Devon charity appealing to help those at the forefront of climate change

The 'Orchards for Mali' campaign aims to help those who have no way of earning a living to survive

Fousseyni Goita with Guava
Author: Andrew KayPublished 23rd Apr 2026

A Devon charity is trying to raise £80,000 for its climate change project in Mali - helping rebuild communities.

The Joliba Trust, a small Chagford based charity behind the 'Orchards for Mali' campaign has been selected for the Earth Raise match-funding initiative, organised by the charity Big Give.

Trustee Caroline Hart said: "Climate change is affecting us here, it's affecting fruit growing here and orchards in Devon - but it's affecting people in tropical places like Mali much more.

A group learning to manage a tree nursery

"If you've got temperatures that reach 50 degrees and a bit less rain fall on an already short rainy season then it just tips you over the edge - and you can't produce food.

"In the area in which we are planting the orchards in the south of Mali, it's no longer possible really to grow food and the mainstay has always been cotton.
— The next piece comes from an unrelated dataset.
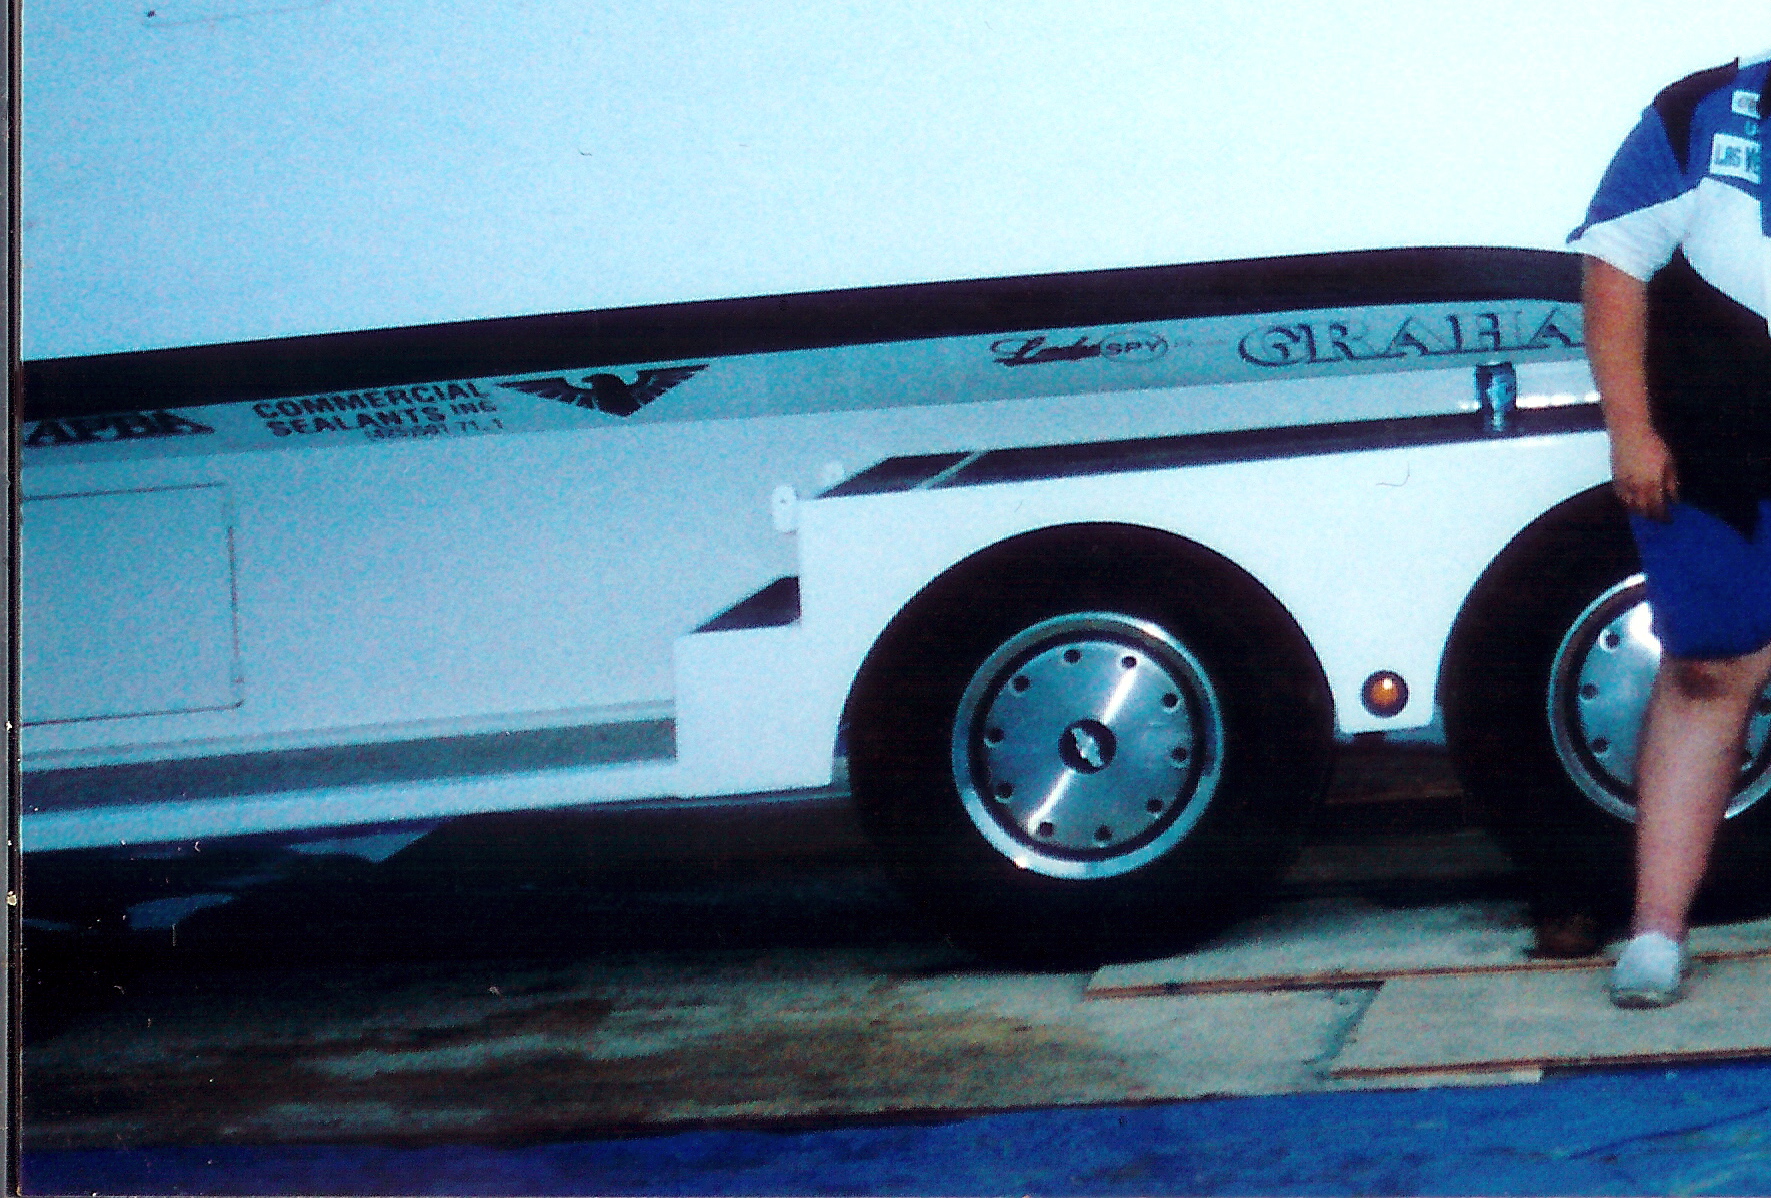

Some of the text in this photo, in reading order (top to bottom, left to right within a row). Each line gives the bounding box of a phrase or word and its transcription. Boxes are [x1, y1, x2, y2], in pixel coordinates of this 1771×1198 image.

[1237, 306, 1587, 368] GRAHA
[252, 382, 490, 419] COMMERCIAL
[266, 406, 447, 437] SEALANTS
But cotton can't produce a harvest anymore because the rainy season has got too short.

"People are indebted to cotton companies, which don't really provide any income, some people earn as little as £100 a year and they can't survive.

"For the last six years we've worked with young people and women who want to plant orchards - we give them training and they have to dig a well, and we provide fencing materials and things to plant."

Rokia Dembele with a locally made tree guard

Ms Hart says they provide 'relatively quick to harvest' things like papaya, as well as mangoes, oranges and lemons - as well as things like watermelons, onions and other vegetables.

She added: "At the moment 80 per cent of young people are having to migrate to find work - maybe labouring jobs in cities or working in gold mines.

"They now are desperate for this local work planting orchards, as it's a secure income it revives their land, helps the crops not to be flooded in the heavier monsoon rains, increases biodiversity and it gives them an income which is way higher than any of the local crops."

Backing the fundraiser, Yacouba Goita from Mali, said: “I transformed one acre of cotton fields into one hectare of cashew nut trees this year.

"The cashew fruit can be eaten fresh and the kernel we transform into a nut butter or drink as milk. The leaves are used by traditional healers to treat dysentery. One acre of cashew trees gives me £500 to £1000 a year whereas I now earn nothing growing cotton as the rainy season is too short and it does not fruit."

Ms Hart added: "As we enjoy the sights of spring, the blossom on the apple trees and the bluebells coming up, we are asking people to share some of that joy.

"In Mali, the land is turning to desert and crops are failing as there is not enough rain. It costs just £95 for a young volunteer in Mali to plant an orchard of two hundred trees such as grafted mango, orange, lemon, cashew and guava."